新製品は5月9日と10日に東京ビッグサイトで開催される「Fieldstyle Tokyo」で披露される。3列シート仕様のシエンタ向けキットが一般公開されるのはこれが初めてだ。価格は未発表で、発売は2026年中を予定している。

最大の課題はまさに7人乗りのレイアウトにあった。3列目があるぶん車内構造は5人乗り版より複雑で、そのためYURTは取り付けの簡単さとモード切り替えの素早さを重視した。キットは特殊工具なしで取り外しでき、3列目を使う際や車検を受ける際には外す必要がある。

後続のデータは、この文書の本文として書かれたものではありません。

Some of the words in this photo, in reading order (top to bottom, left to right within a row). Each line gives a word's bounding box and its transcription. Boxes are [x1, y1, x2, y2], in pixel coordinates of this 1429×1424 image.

VANLIFE ROOMKITには大きく2つの使い方がある。まずはRoom Mode。床面を展開すると車内がフラットになり、小さな部屋のような空間が生まれる。寝るためだけでなく、ドライブ途中の休憩、子どもとの休み時間、着替え、移動中の荷物置きなど幅広く使える。

© YURT

もうひとつはLoft Bed Modeだ。柔らかいクッション付きのフロアパネルを使い、就寝スペースの長さは最大192 cmに達する。床が空間を上下に仕切り、上は寝床、下はゆとりある収納ゾーンとなる。パネルは開閉式なので、構造全体を分解しなくても荷物を取り出せる。

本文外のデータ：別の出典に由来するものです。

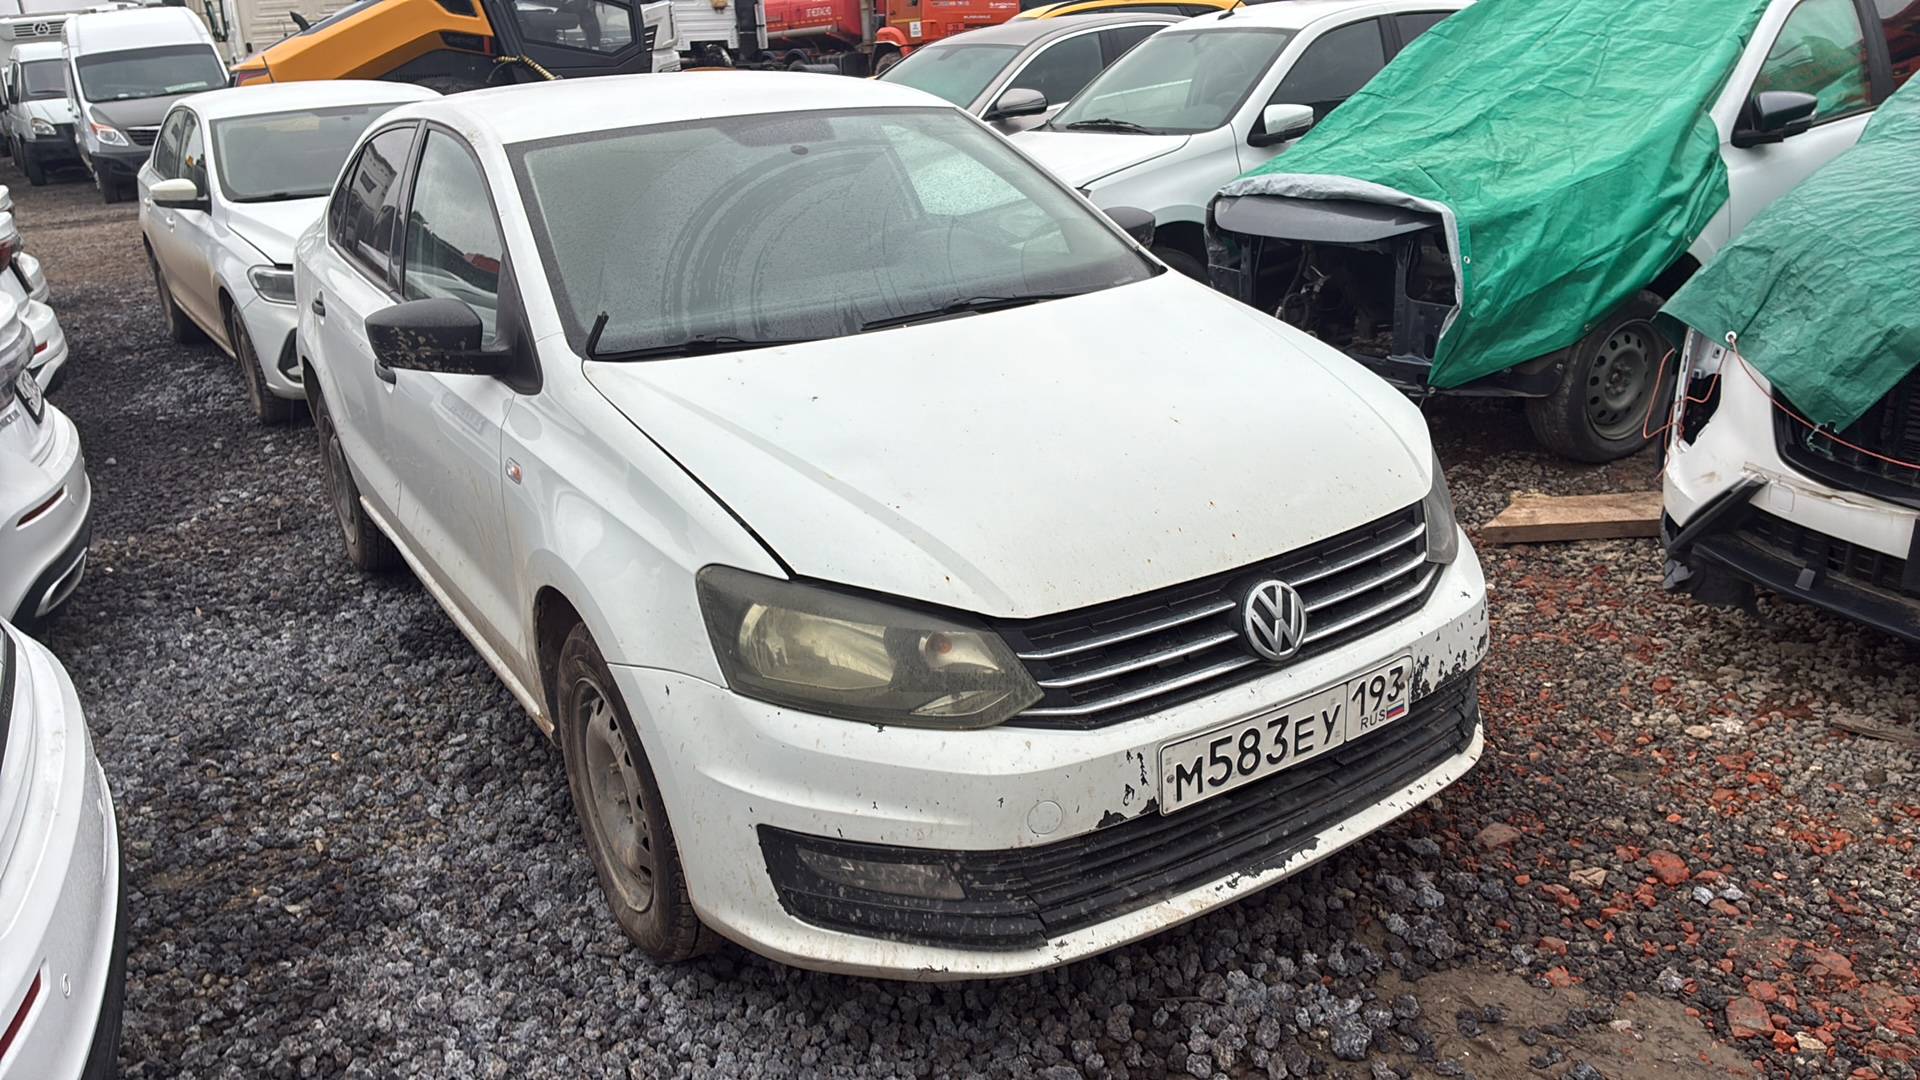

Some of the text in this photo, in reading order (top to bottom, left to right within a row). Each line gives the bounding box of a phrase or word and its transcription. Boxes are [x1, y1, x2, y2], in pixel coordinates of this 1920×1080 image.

[1175, 665, 1404, 802] М583ЕУ 193
[1360, 711, 1386, 731] RUS
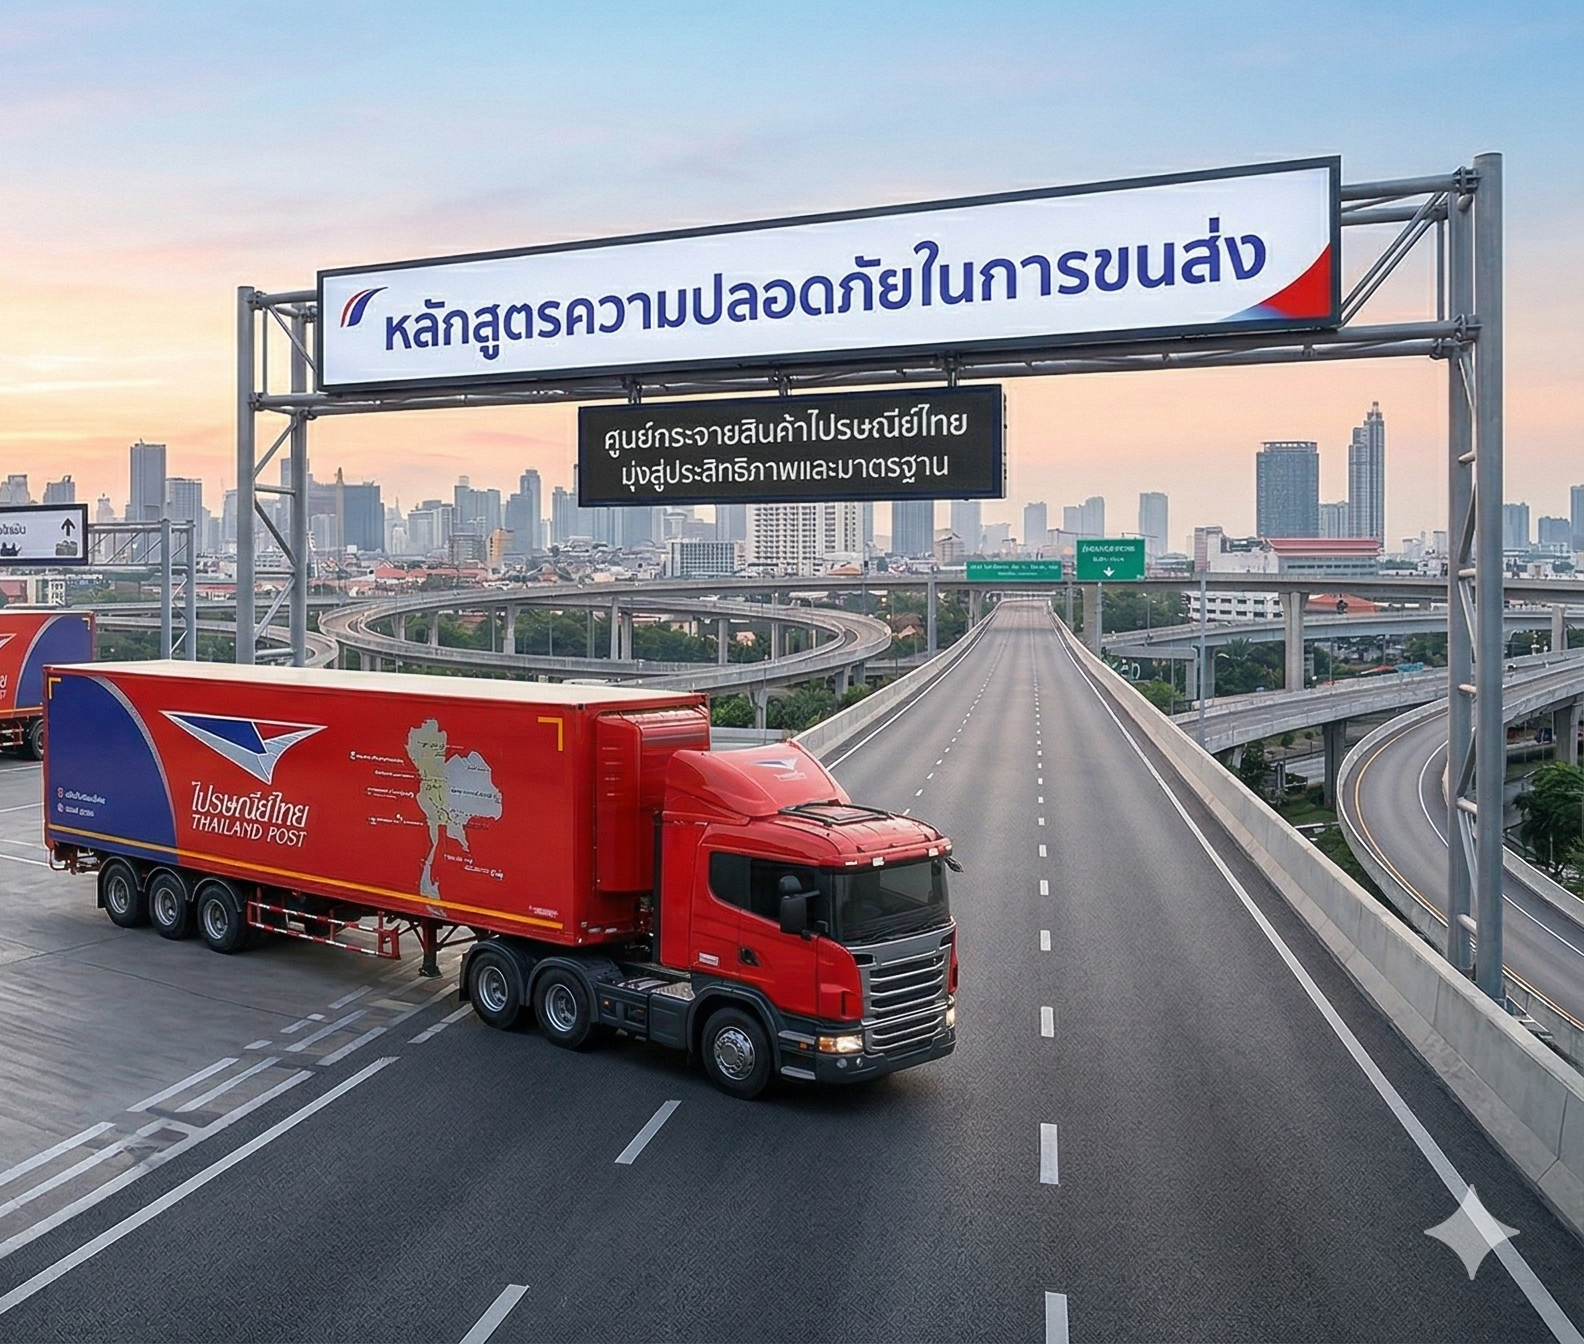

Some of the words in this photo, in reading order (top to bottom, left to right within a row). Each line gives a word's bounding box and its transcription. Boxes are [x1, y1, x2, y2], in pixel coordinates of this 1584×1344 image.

[385, 217, 1267, 361] หลักสูตรความปลอดภัยในการขนส่ง
[604, 403, 968, 458] ศูนย์กระจายสินค้าไปรษณีย์ไทย
[622, 455, 949, 493] มุ่งสู่ประสิทธิภาพและมาตรฐาน
[191, 781, 309, 828] ไปรษณีย์ไทย
[192, 814, 263, 840] THAILAND
[267, 826, 307, 848] POST

うれしいポイントもある。ルームモードでは7人乗りシエンタの室内高が、5人乗り仕様よりおよそ8 cm高い。コンパクトカーでは無視できない差で — 車内で一晩過ごすことが妥協ではなく、一つの旅のスタイルとして成立する感覚に近づく。

YURTはこのキットを完成された「キャンピングカー」としてではなく、オーナーの生活に合わせて使い分けられる道具として位置づけている。そこに意味がある。シエンタが大きなキャンパーになるわけではないが、家族で週末に出掛け、車中で眠り、テントとルーフキャリアを伴う本格的な遠征を毎回しなくて済む。